Comparable store sales were 12.1% lower than last year, with comparable sales from South African stores falling 13.2%. Sales in the rest of Africa edged up 1.3%.
In the 2019 financial year, general merchandise sales contributed 26% to overall sales, liquor 15% and home improvement 15%, Massmart said.
“Given the high level of contribution of these categories to total sales, April (lockdown) sales were significantly lower than would be the case under normal trading conditions,” the retailer said.
The owner of Makro and Game retail brands, which sell a range of products, including electronics and appliances, houseware, camping and outdoor equipment, was under pressure before the coronavirus hit South Africa as consumers cut back on discretionary spending on items such as appliances.
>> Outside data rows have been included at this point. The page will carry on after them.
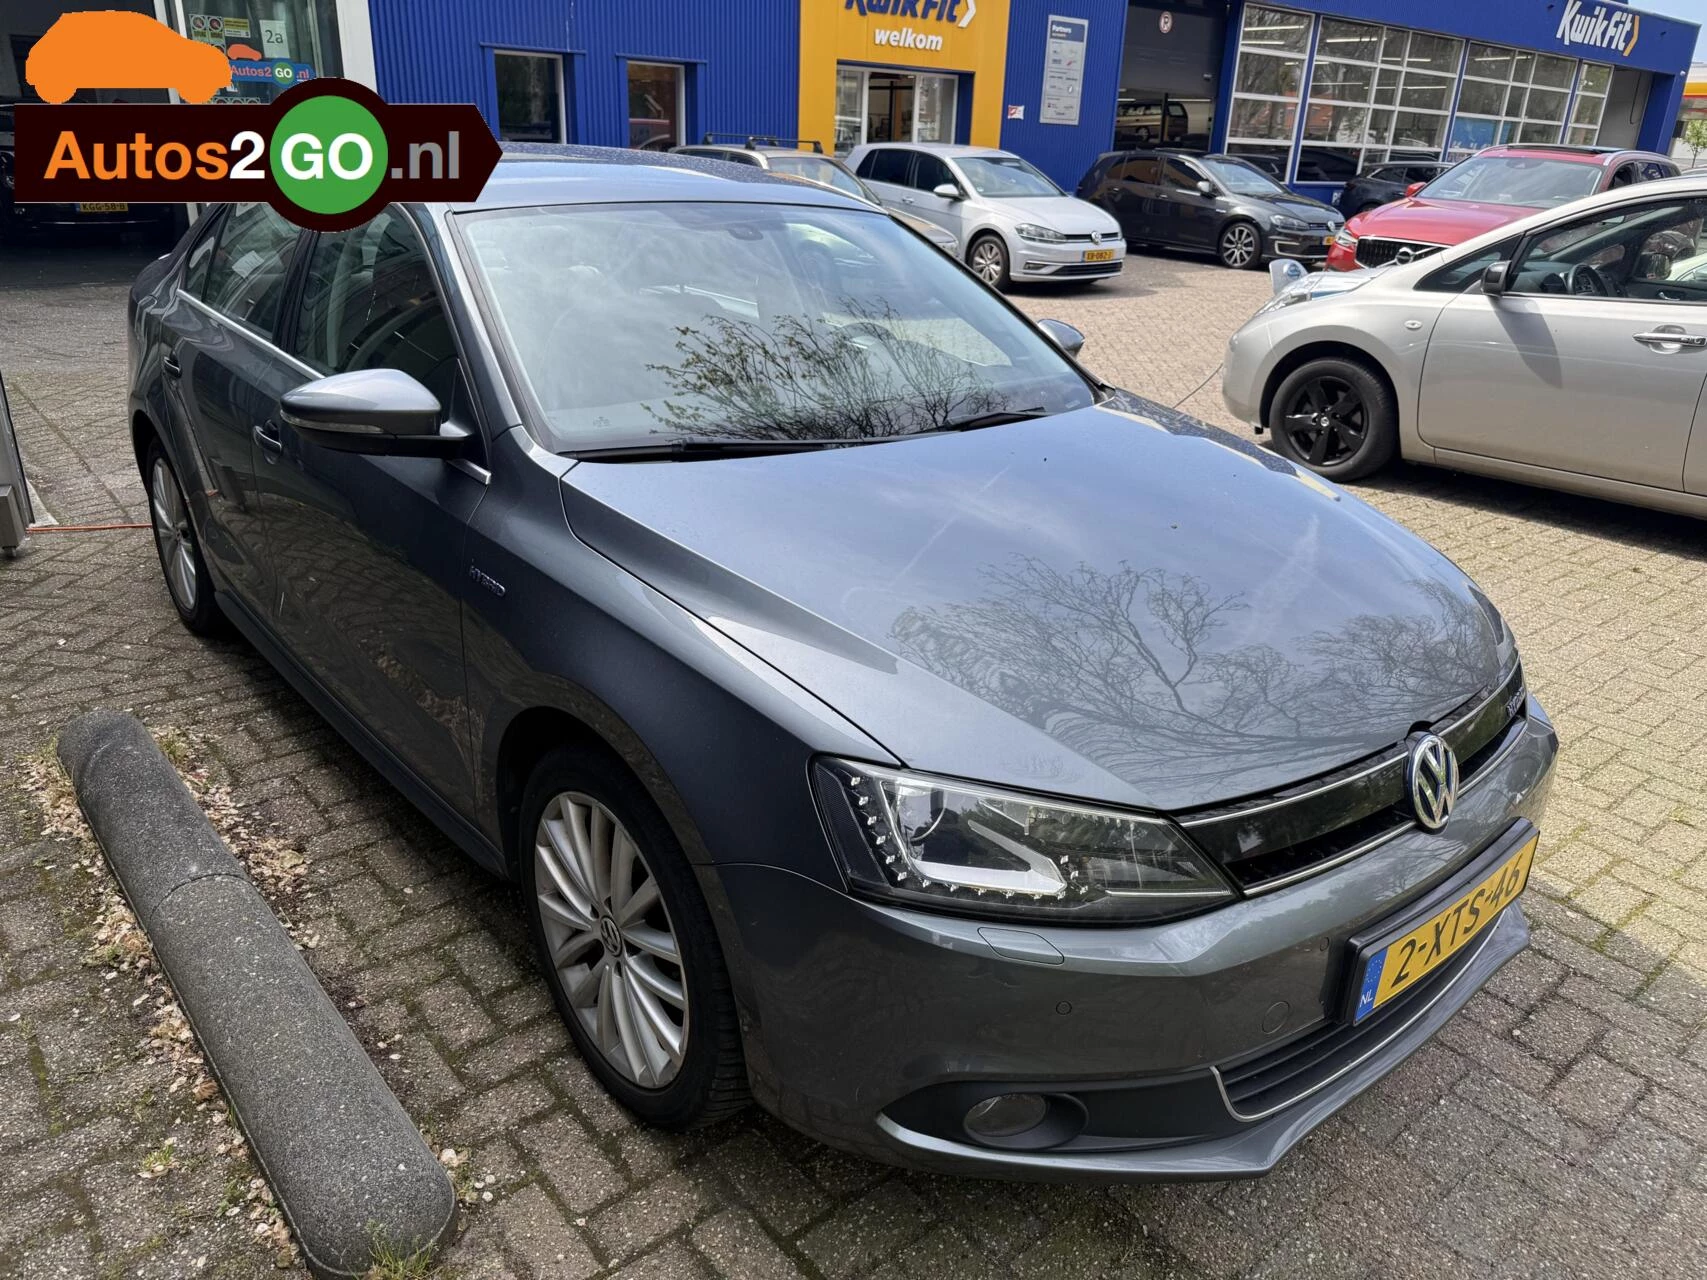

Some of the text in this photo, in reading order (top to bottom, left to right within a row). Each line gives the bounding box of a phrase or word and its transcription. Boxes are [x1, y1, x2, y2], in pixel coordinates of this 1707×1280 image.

[265, 29, 284, 44] 2a
[874, 27, 943, 51] welkom
[1390, 853, 1523, 989] 2-XTS-46
[1359, 989, 1374, 1008] NL
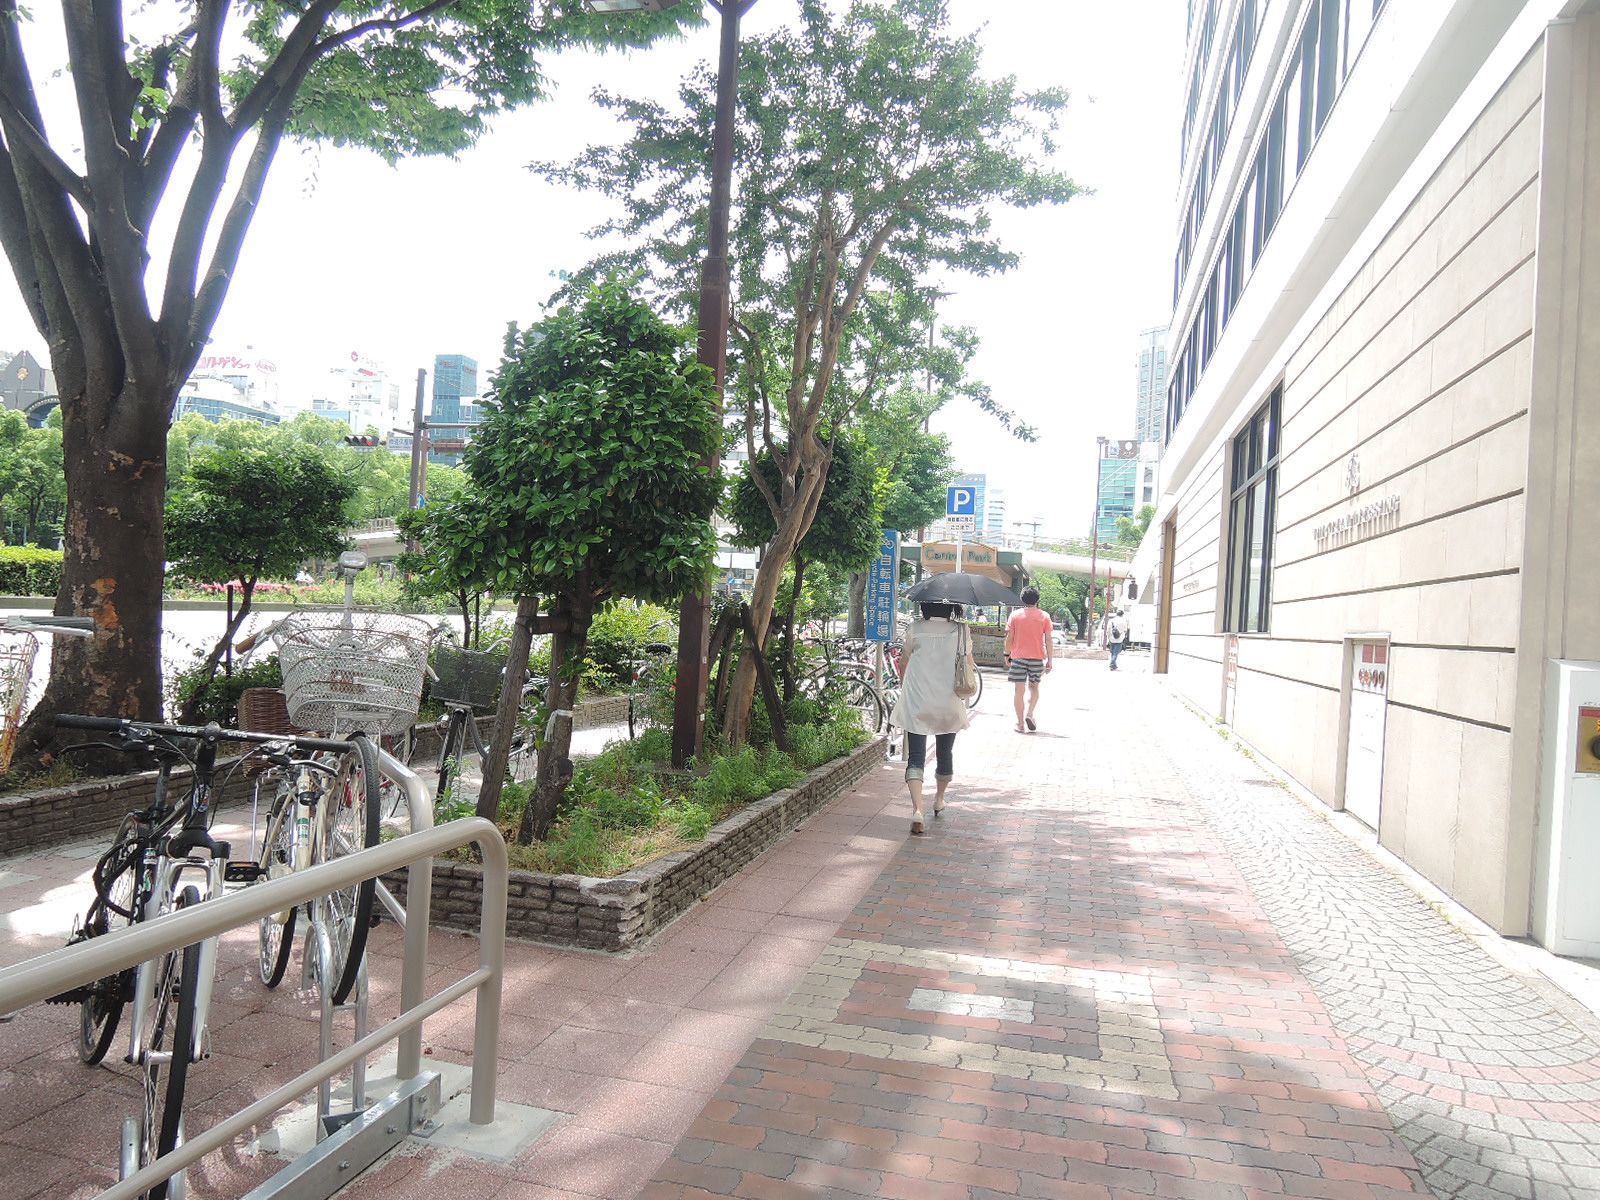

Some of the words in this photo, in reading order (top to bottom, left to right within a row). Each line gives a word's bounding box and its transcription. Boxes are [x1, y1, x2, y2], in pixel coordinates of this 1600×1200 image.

[954, 490, 970, 512] P
[925, 548, 965, 562] Centrl
[968, 550, 992, 562] Park
[876, 554, 892, 637] 自転車駐輪場
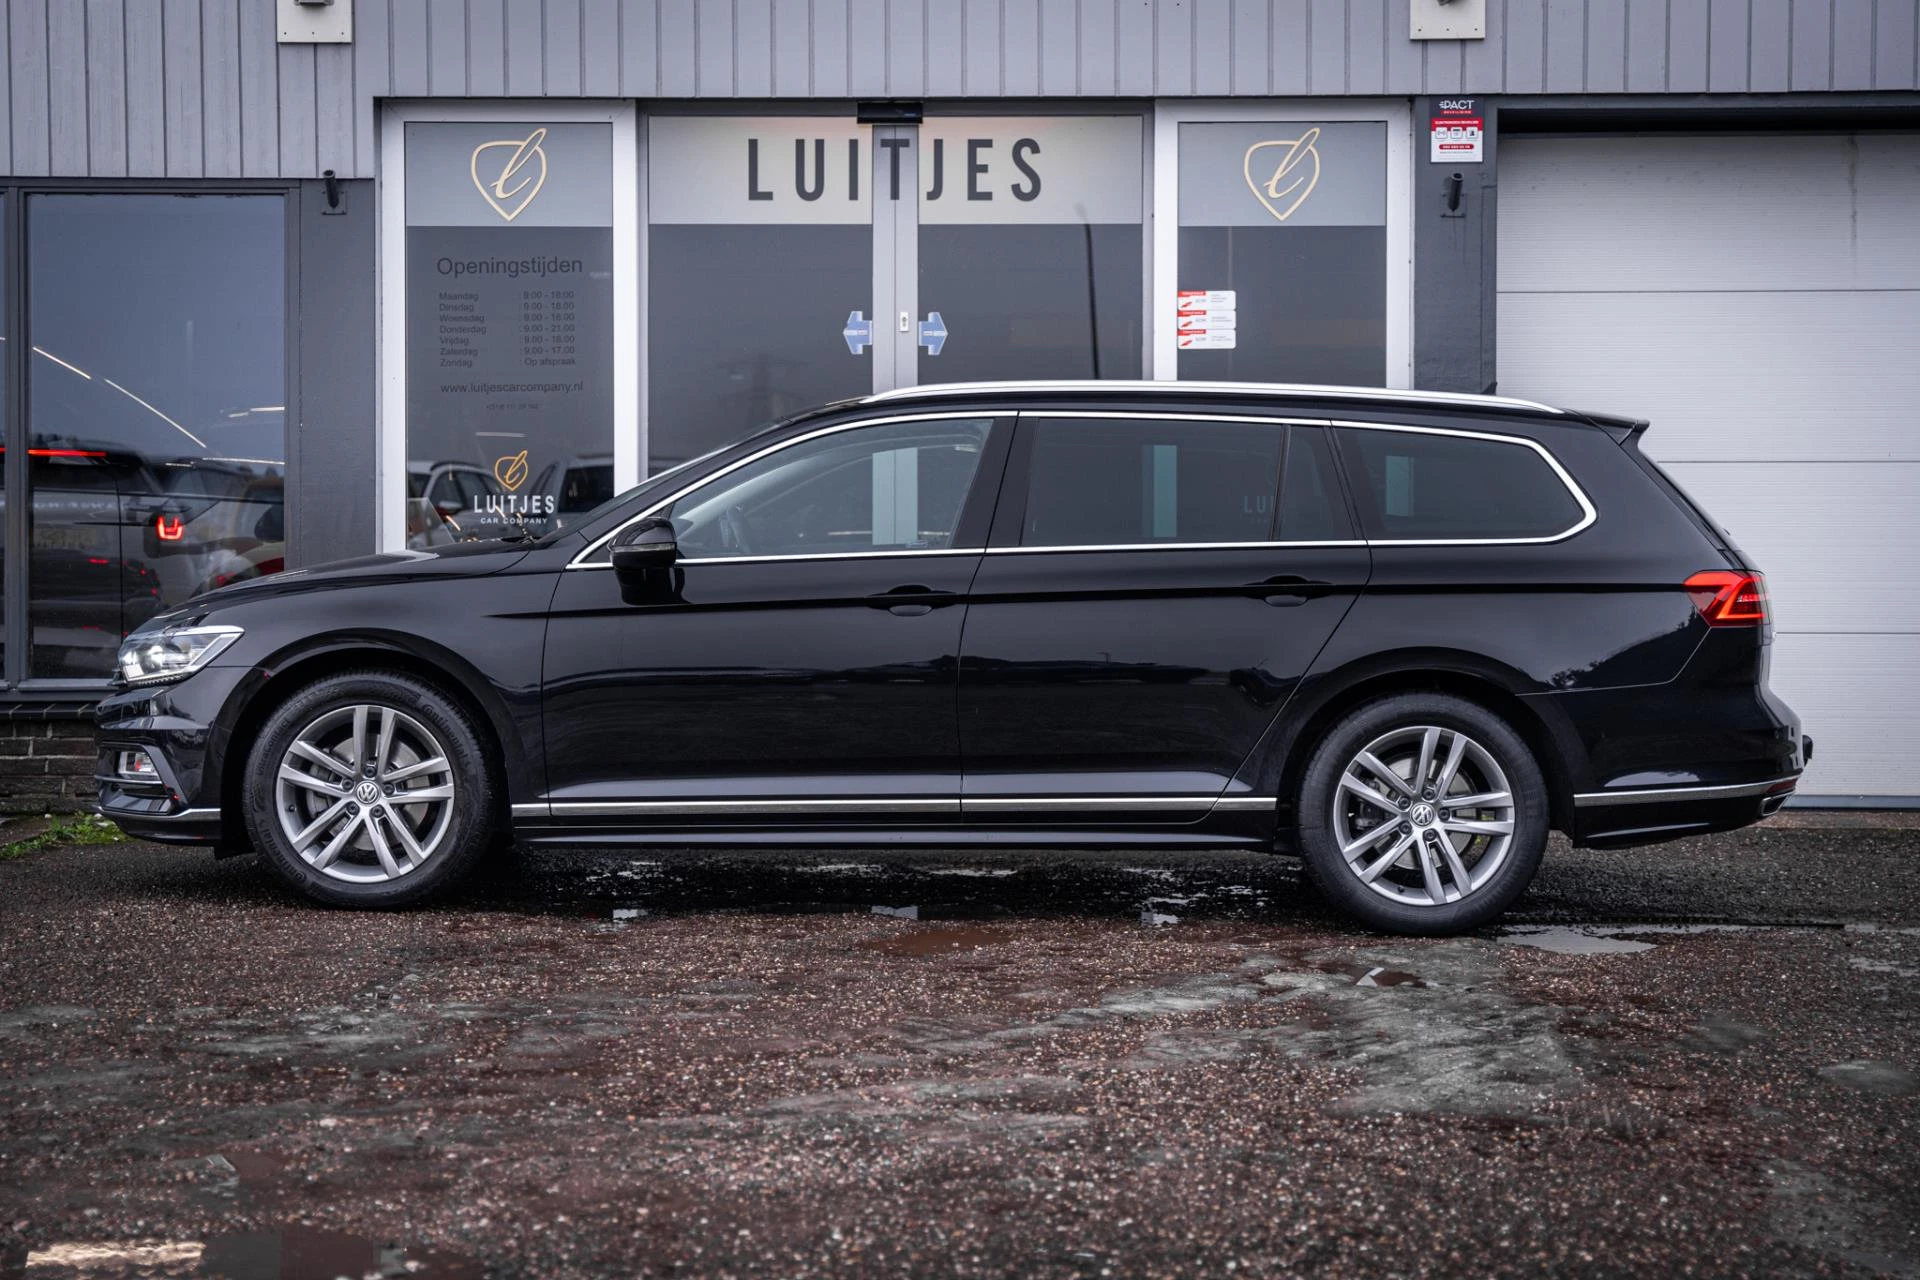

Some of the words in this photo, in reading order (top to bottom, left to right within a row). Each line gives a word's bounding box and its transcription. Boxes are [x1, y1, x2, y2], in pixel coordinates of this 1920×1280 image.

[747, 137, 1042, 202] LUITJES
[436, 256, 584, 279] Openingstijden
[439, 292, 480, 302] Maandag
[439, 314, 486, 324] Woensdag
[439, 325, 487, 335] Donderdag
[439, 358, 473, 368] Zondag
[524, 357, 538, 368] Op
[440, 380, 584, 395] www.luitjescarcompany.nl
[473, 494, 555, 514] LUITJES
[480, 517, 499, 525] CAR
[503, 517, 548, 525] COMPANY
Under new chief executive Mitch Slape, Massmart announced a turnaround plan in January aimed at cutting costs and boosting sales and margins. Massmart is exiting poorly performing categories such as fresh and frozen food and has closed underperforming stores.
Present in 12 African countries, Massmart said because of the pressure from extended trading restrictions the company had increased its focus on liquidity and cash flow management.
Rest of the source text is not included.